[Opening Entries supplied section]

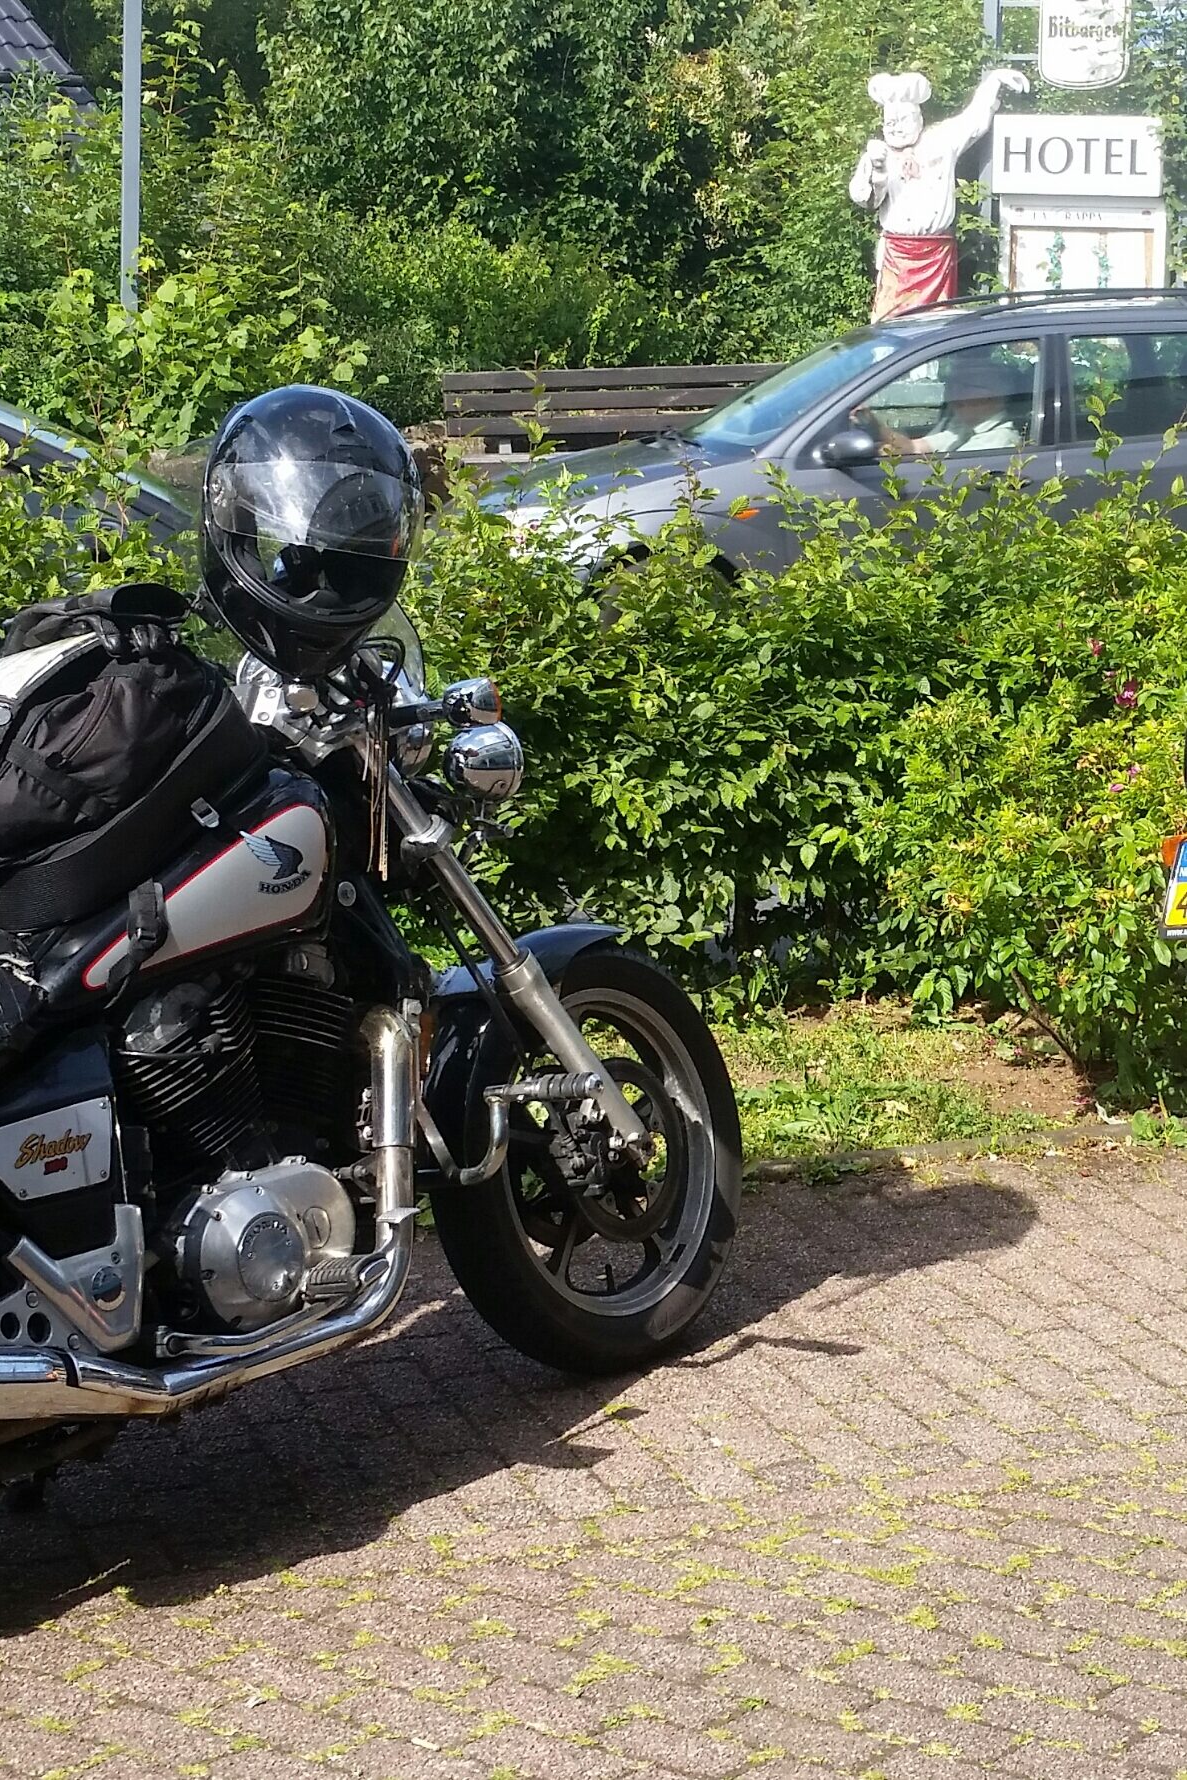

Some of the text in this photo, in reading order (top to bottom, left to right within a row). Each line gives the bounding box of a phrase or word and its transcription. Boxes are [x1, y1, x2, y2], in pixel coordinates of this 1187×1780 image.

[1003, 136, 1148, 176] HOTEL
[258, 869, 312, 895] HONDA
[14, 1128, 92, 1169] Shadow
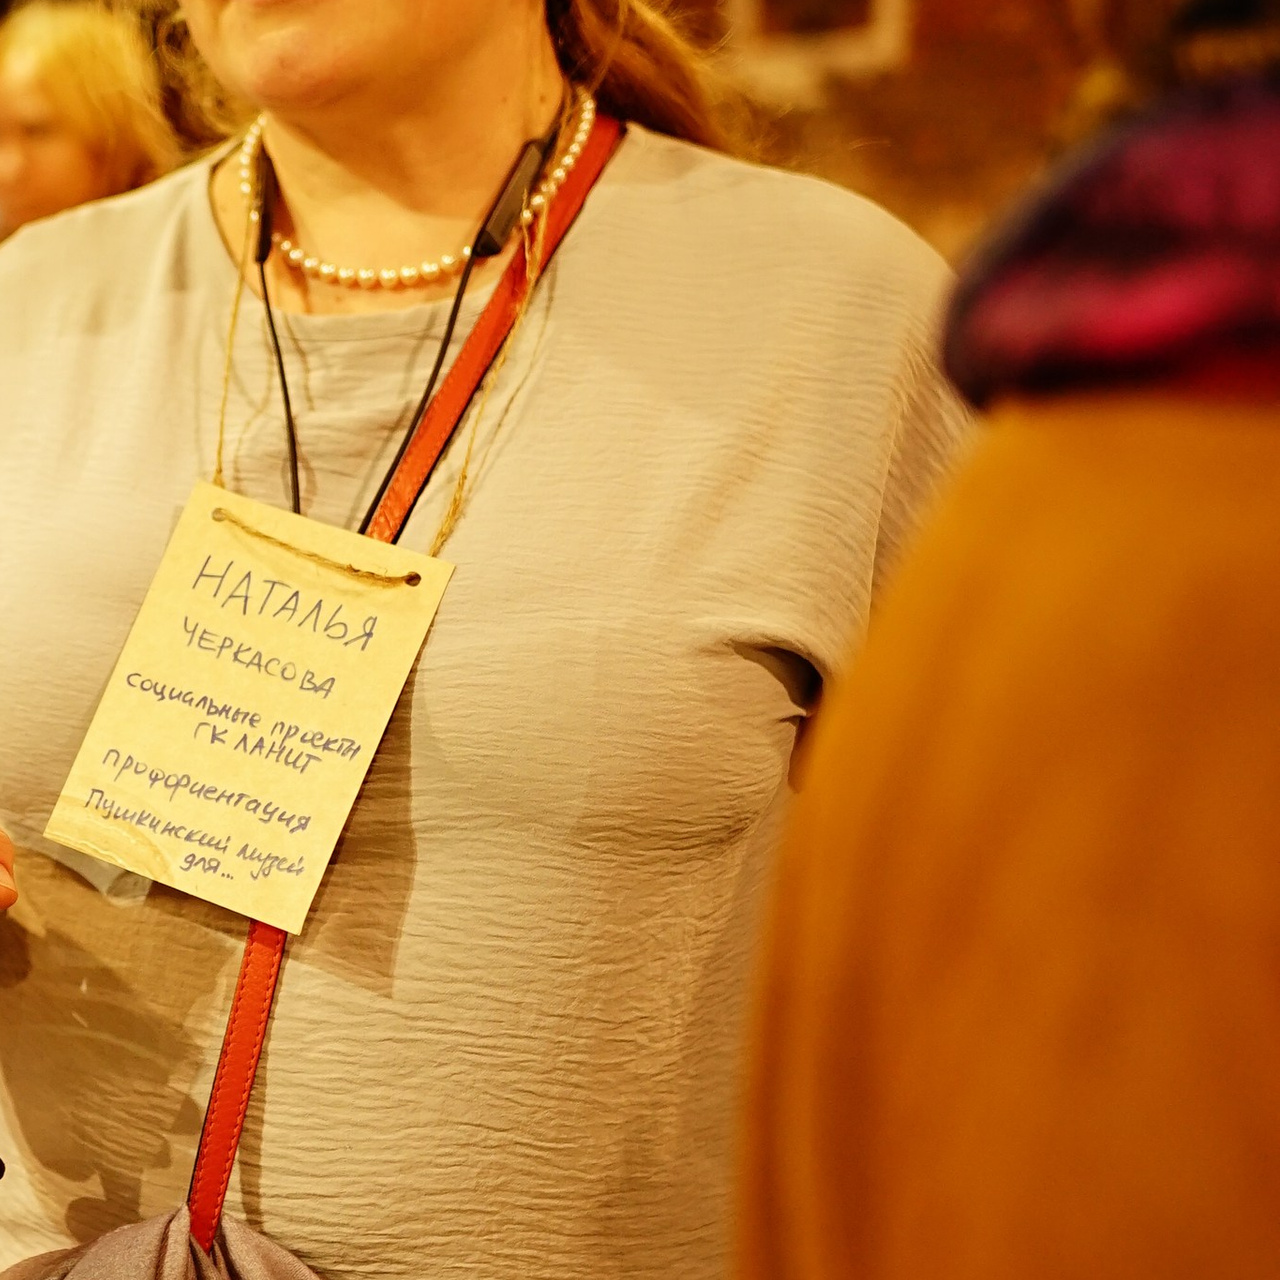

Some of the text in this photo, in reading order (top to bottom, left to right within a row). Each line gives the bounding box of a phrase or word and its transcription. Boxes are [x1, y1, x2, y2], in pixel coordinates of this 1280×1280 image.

[192, 554, 378, 652] НАТАЛЬЯ
[182, 616, 336, 700] ЧЕРКАСОВА
[126, 672, 261, 729] социальные
[193, 721, 322, 774] ГК ЛАНИТ
[83, 788, 231, 855] Пушкинский
[102, 748, 312, 833] профориентация
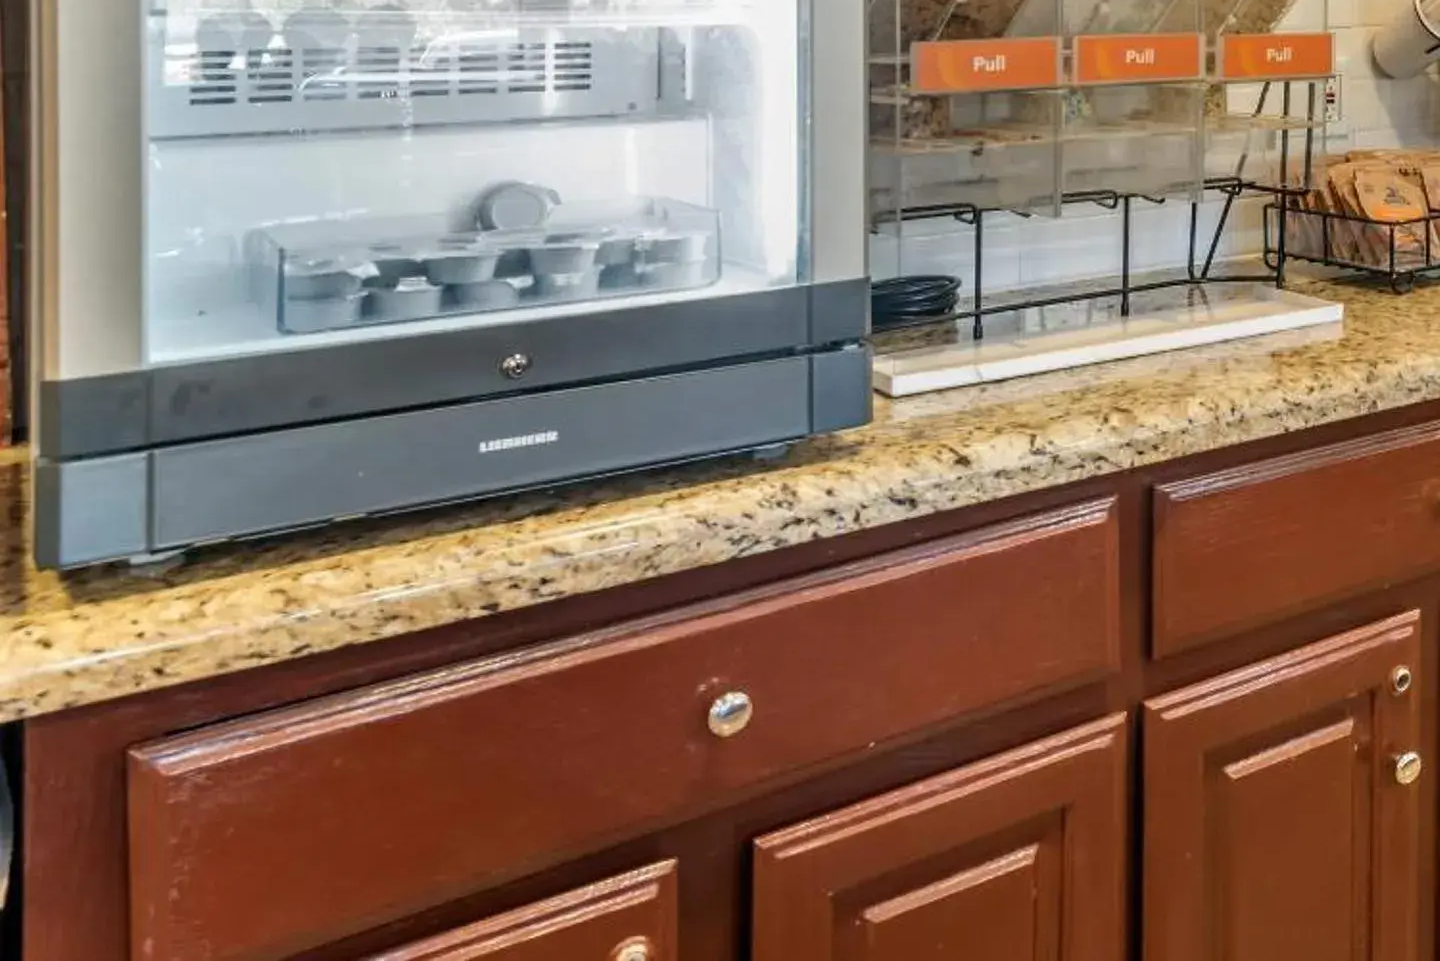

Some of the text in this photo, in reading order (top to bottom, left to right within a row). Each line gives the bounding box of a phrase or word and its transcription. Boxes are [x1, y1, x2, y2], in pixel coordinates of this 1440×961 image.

[Closing Entries supplied section]

#### [About this task]
When you transcribe these entries, keep every word exact and drop the pictures.

#### [Response]
Some of the text in this photo, in reading order (top to bottom, left to right within a row). Each line gives the bounding box of a phrase or word and its transcription. Boxes are [x1, y1, x2, y2], in pixel coordinates of this 1187×1780 image.

[1003, 136, 1148, 176] HOTEL
[258, 869, 312, 895] HONDA
[14, 1128, 92, 1169] Shadow

Some of the text in this photo, in reading order (top to bottom, left to right within a row). Each line gives the bounding box of a phrase or word and its transcription. Boxes are [x1, y1, x2, y2], in pixel coordinates of this 1280×1280 image.

[192, 554, 378, 652] НАТАЛЬЯ
[182, 616, 336, 700] ЧЕРКАСОВА
[126, 672, 261, 729] социальные
[193, 721, 322, 774] ГК ЛАНИТ
[83, 788, 231, 855] Пушкинский
[102, 748, 312, 833] профориентация

Some of the text in this photo, in reading order (top to bottom, left to right within a row). Each line gives the bounding box of a phrase or word and its transcription. Boxes are [x1, y1, x2, y2], in pixel coordinates of this 1440×961 image.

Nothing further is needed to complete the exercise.